* [What the task requires]:
Without including any pictures, reproduce all the lines below word for word.

——————————

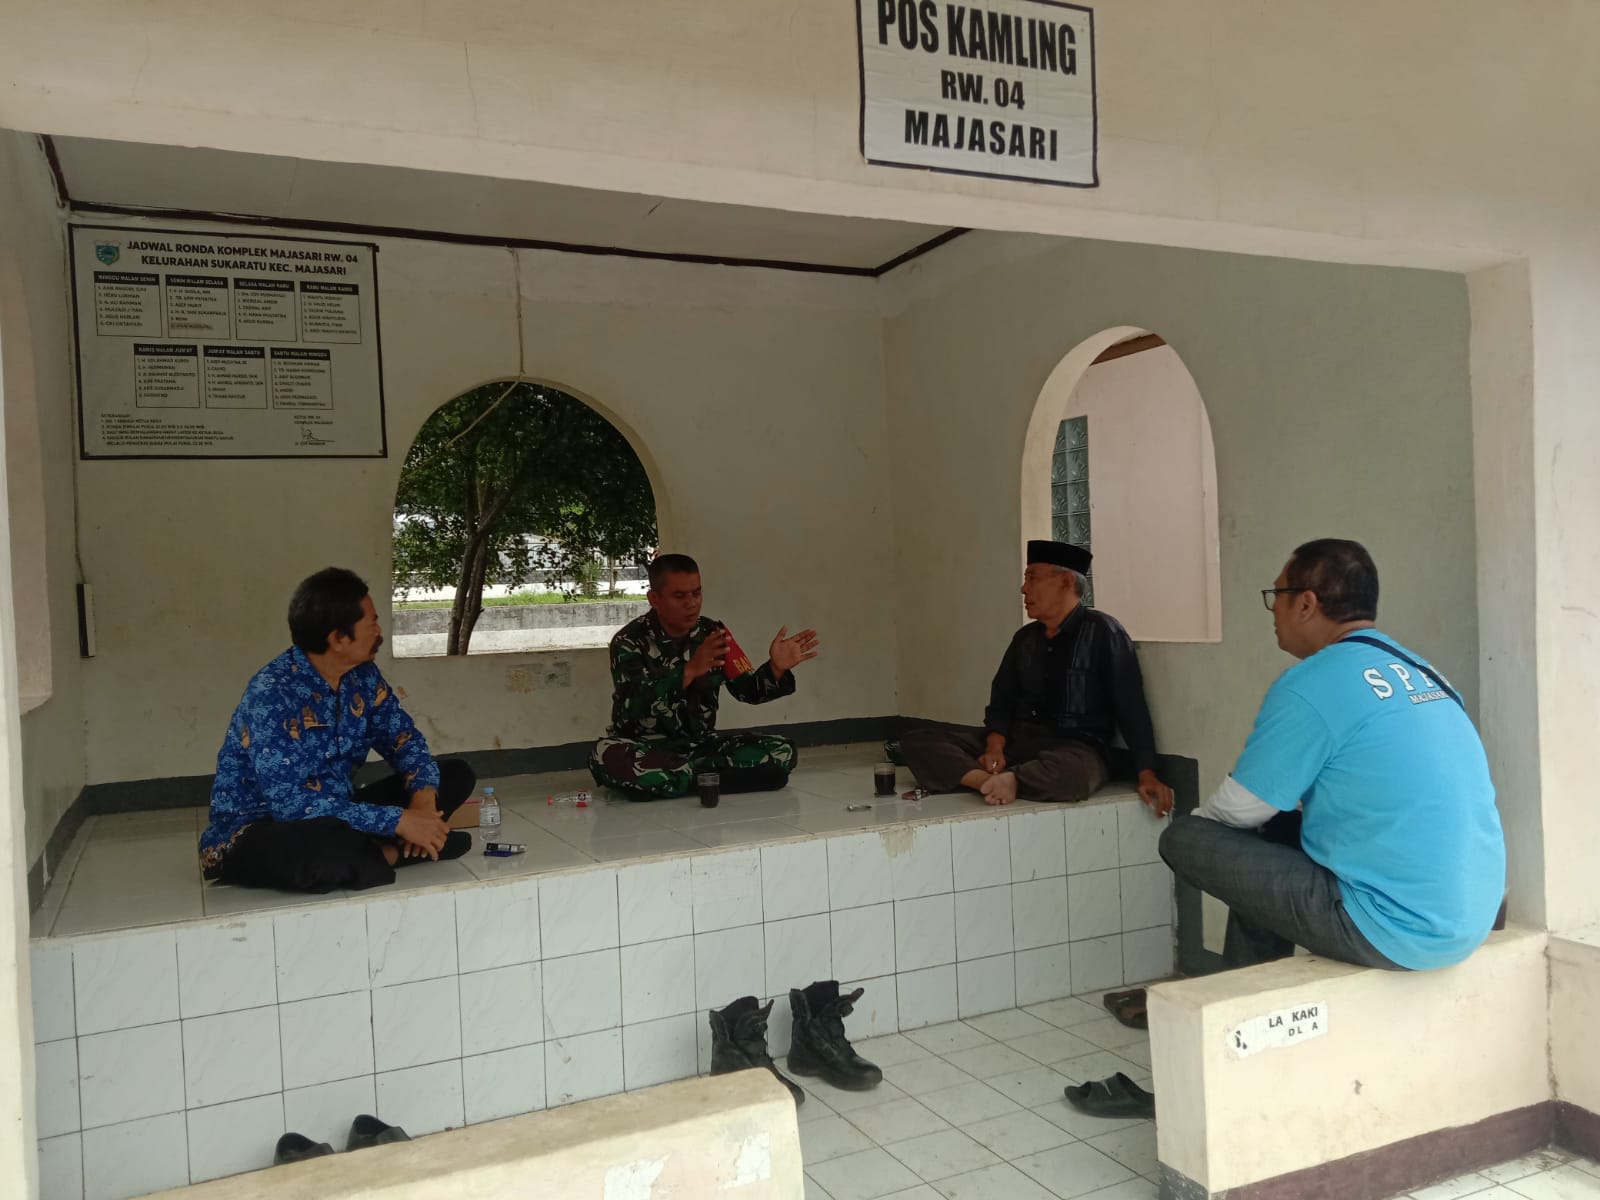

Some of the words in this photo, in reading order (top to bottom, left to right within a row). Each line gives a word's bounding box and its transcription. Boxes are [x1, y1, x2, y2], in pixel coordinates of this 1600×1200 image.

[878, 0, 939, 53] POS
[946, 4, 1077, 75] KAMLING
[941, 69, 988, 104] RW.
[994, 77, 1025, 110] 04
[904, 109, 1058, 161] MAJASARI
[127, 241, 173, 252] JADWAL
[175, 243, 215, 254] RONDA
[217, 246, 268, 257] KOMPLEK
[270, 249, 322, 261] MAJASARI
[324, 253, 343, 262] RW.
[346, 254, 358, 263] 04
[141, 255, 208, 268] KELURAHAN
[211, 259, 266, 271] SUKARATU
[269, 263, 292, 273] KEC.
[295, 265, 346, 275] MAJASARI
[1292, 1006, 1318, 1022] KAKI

——————————

* [Completed task]:
Some of the words in this photo, in reading order (top to bottom, left to right within a row). Each line gives a word's bounding box and its transcription. Boxes are [x1, y1, x2, y2], in pixel coordinates of this 1600×1200 image.

[878, 0, 939, 53] POS
[946, 4, 1077, 75] KAMLING
[941, 69, 988, 104] RW.
[994, 77, 1025, 110] 04
[904, 109, 1058, 161] MAJASARI
[127, 241, 173, 252] JADWAL
[175, 243, 215, 254] RONDA
[217, 246, 268, 257] KOMPLEK
[270, 249, 322, 261] MAJASARI
[324, 253, 343, 262] RW.
[346, 254, 358, 263] 04
[141, 255, 208, 268] KELURAHAN
[211, 259, 266, 271] SUKARATU
[269, 263, 292, 273] KEC.
[295, 265, 346, 275] MAJASARI
[1292, 1006, 1318, 1022] KAKI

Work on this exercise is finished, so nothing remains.